We also recognize revenue related to licensing agreements. Licensing revenue recognition requires management to estimate effective terms of agreements and identify points at which performance is met under the contracts such that the revenue earnings process is complete. Under this policy for out-licensing arrangements, revenue related to up-front, time-based and performance-based licensing payments is recognized over the entire contract performance period. For our major licensing contracts, this results in the deferral of revenue amounts (approximately $2.4 million at December 31, 2003) where non-refundable cash payments have been received, but the revenue is not immediately recognized due to the long-term nature of the respective agreements. Following our initial estimate of the effective terms of these arrangements, subsequent developments such as contract modifications or terminations could increase or decrease the period over which the deferred revenue is recognized.

 

Research and development expense includes work performed for us by outside vendors and research organizations. At each reporting period, we estimate expenses incurred but not reported or billed to us by these outside vendors. These expense estimates typically cover a period of 1 to 4 weeks of expense. Actual results are recorded on a timely basis and, historically, have not been materially different from our estimates. In addition, costs related to in-licensing arrangements for product candidates are expensed as research and development until their first commercial sale.

 

Revenues

 

Sales: Sales revenue decreased 15 percent from $30,021,813 in 2001 to $25,402,300 in 2002, but increased 57 percent to $39,857,620 in 2003. As is common in the pharmaceutical industry, our domestic sales are made to pharmaceutical wholesalers for further distribution through pharmacies to the ultimate consumers of our products. The decrease in sales revenue from 2001 to 2002 reflects decreased revenue from Salagen Tablets, resulting from a drawdown of wholesaler inventory amounts, partially offset by an increase in selling price and a continued increase in patient demand. Beginning in the second quarter of 2001, and continuing throughout the rest of 2001, a substantial increase in wholesaler inventory amounts occurred. A reduction of wholesaler inventories occurred throughout the first half of 2002. In the second half of 2002, sales realigned with underlying demand, which grew approximately 5 percent from 2001 to 2002, as measured by prescription growth.

 

The increase in sales revenue from 2002 to 2003 reflects increased revenue from Aloxi injection, Salagen Tablets and Hexalen capsules. We began the promotion of Aloxi injection in September 2003, following its approval by the U.S. Food and Drug Administration. We recognized $9.7 million in Aloxi injection net sales in 2003, which provided 24 percent of our sales revenue in 2003. Sales of Salagen Tablets in the United States provided 87 percent of our sales revenue in 2001, 88 percent in 2002 and 67 percent in 2003. Underlying demand for Salagen Tablets in the United States, as measured by prescription growth, grew at an annual rate of approximately one percent from 2002 to 2003. Sales of Aloxi injection for the first quarter of 2004 are expected to be $12 million.
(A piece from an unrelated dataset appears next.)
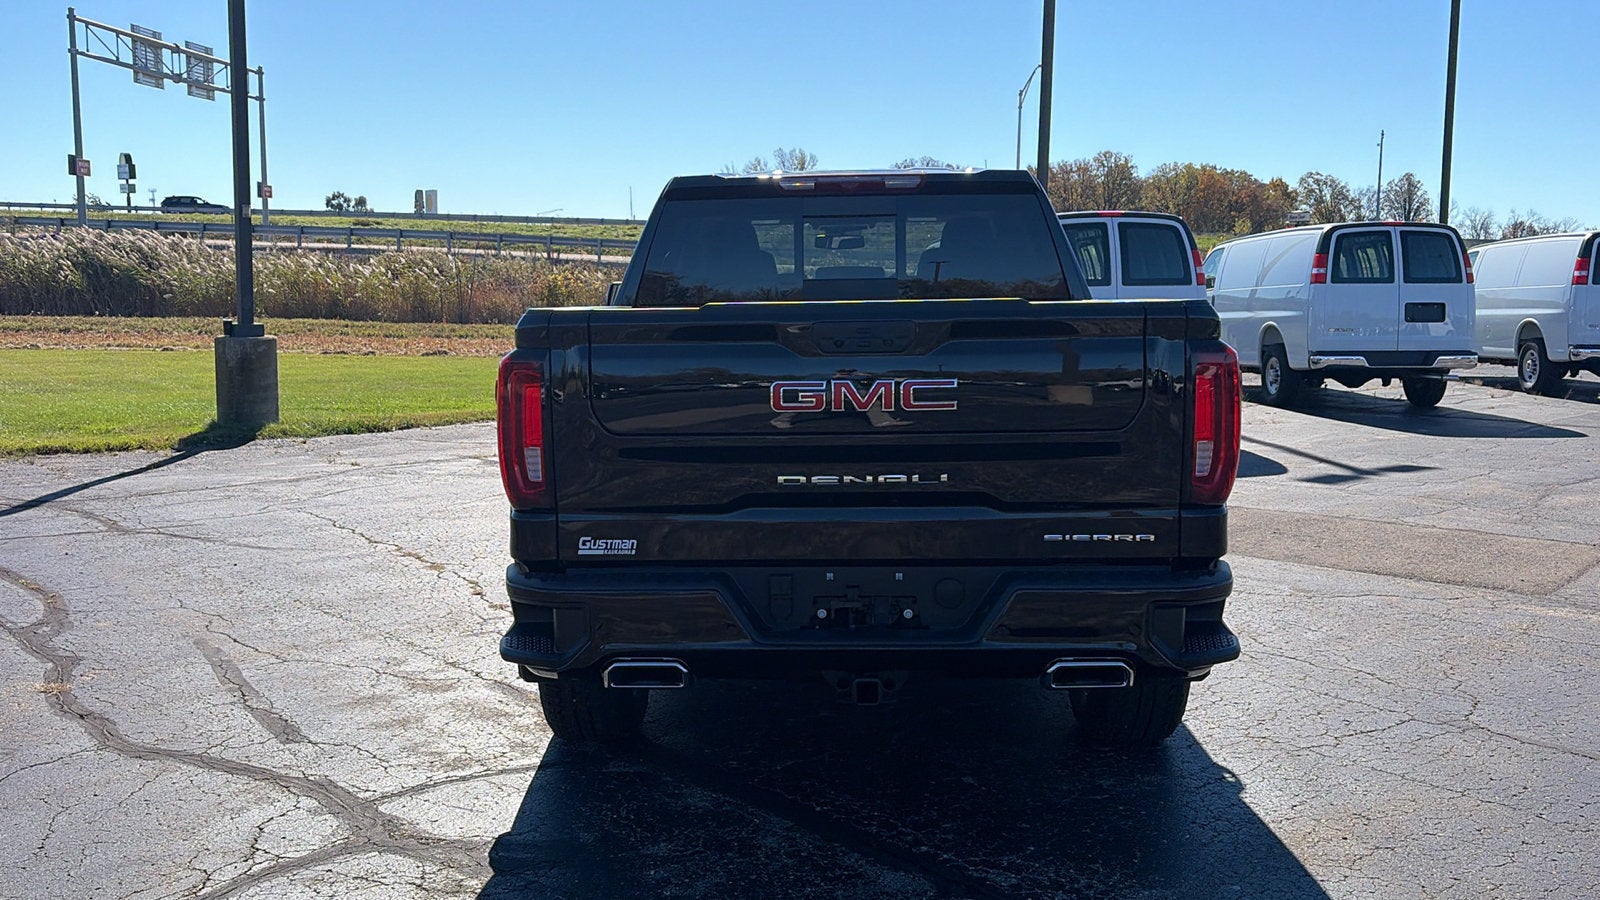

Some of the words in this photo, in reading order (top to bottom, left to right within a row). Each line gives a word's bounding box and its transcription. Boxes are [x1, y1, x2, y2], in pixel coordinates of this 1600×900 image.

Annual 2004 sales for Aloxi injection are expected to range from $80 million to $90 million and for all other product sales are expected to be approximately $27 million.

 

Licensing: Licensing revenue decreased four percent from $2,932,007 in 2001 to $2,801,189 in 2002, and increased 240 percent to $9,527,433 in 2003. We and Dainippon Pharmaceutical Co. Ltd. terminated our collaborative acylfulvene license agreement in August 2003. Since we had no future obligations to Dainippon after termination, all remaining unamortized licensing revenue related to this relationship was amortized into

 

29


license revenue in 2003. For 2003, we amortized $7,141,972 of deferred revenue into licensing revenue related to previously received non-refundable license fees from Dainippon, which included $6,867,280 being amortized in the third quarter of 2003.

 

Licensing revenue is a combination of deferred revenue amortization from licensing arrangements and from royalties that are recognized when the related sales occur. In 2001, we received a milestone payment of $750,000 from Novartis Ophthalmics AG related to the licensing of Salagen Tablets in Europe. We recognized $841,258, $794,384 and $7,386,972 of amortized deferred revenue in 2001, 2002 and 2003, respectively, related to all payments received under these license agreements. We will recognize the December 31, 2003 unamortized balance of $2,441,250 from our license agreements into licensing revenue over the expected periods of benefit for the related collaborative arrangements, which is expected to continue into 2015. Future licensing revenue will fluctuate from quarter to quarter depending on the level of recurring royalty generating activities, and changes in amortization of deferred revenue, including the initiation or termination of licensing arrangements. We expect licensing revenue for 2004 to be approximately $2 million.

 

Costs and Expenses

 

Cost of sales: Cost of sales as a percent of sales was 12 percent for 2001, 13 percent for 2002 and 17 percent for 2003. The increase from 2002 to 2003 in cost of sales as a percentage of sales is a result of sales of Aloxi injection, which launched in September 2003. Cost of sales may vary from quarter to quarter, depending on the product mix and production costs. We believe that cost of sales as a percent of product sales for our currently marketed products for 2004 will be approximately 30 percent.

 

Selling, general and administrative: Selling, general and administrative expenses increased 1 percent from $28,463,387 in 2001 to $28,827,337 in 2002, and increased 75 percent to $50,409,508 in 2003. Although total costs remained essentially unchanged from 2001 to 2002, our costs increased for field selling expense and decreased for direct product promotion and facility expenses. Promotion costs decreased from 2001 to 2002 due to our initiating promotion of Hexalen capsules and Mylocel tablets in 2001. Facility costs decreased from 2001 to 2002 due to an accrual in 2001 for lease obligations for the former office space in excess of estimated sublease income, and physical move costs related to our move to a new office location in the second quarter of 2001. Costs in 2002 also include $515,766 in expense related to a reduction in our workforce in the second quarter of 2002.

 

The increase from 2002 to 2003 is primarily a result of increased expenditures for the commercial launch of Aloxi injection in September 2003 and its continued commercialization. We expect selling, general and administrative expenses for 2004 to be approximately $59 million.

 

Research and development: Research and development expense decreased 11 percent from $36,101,373 in 2001 to $32,213,635 in 2002, and increased 56 percent to $50,120,596 in 2003. All three periods include expense related to milestone payments under our license agreement for Aloxi injection: $13.0 million in 2001, $14.0 million in 2002 and $31.3 million in 2003. Exclusive of these license payments, research and development expense decreased 21 percent from $23,035,123 in 2001 to $18,163,635 in 2002, and increased 4 percent to $18,799,596 in 2003.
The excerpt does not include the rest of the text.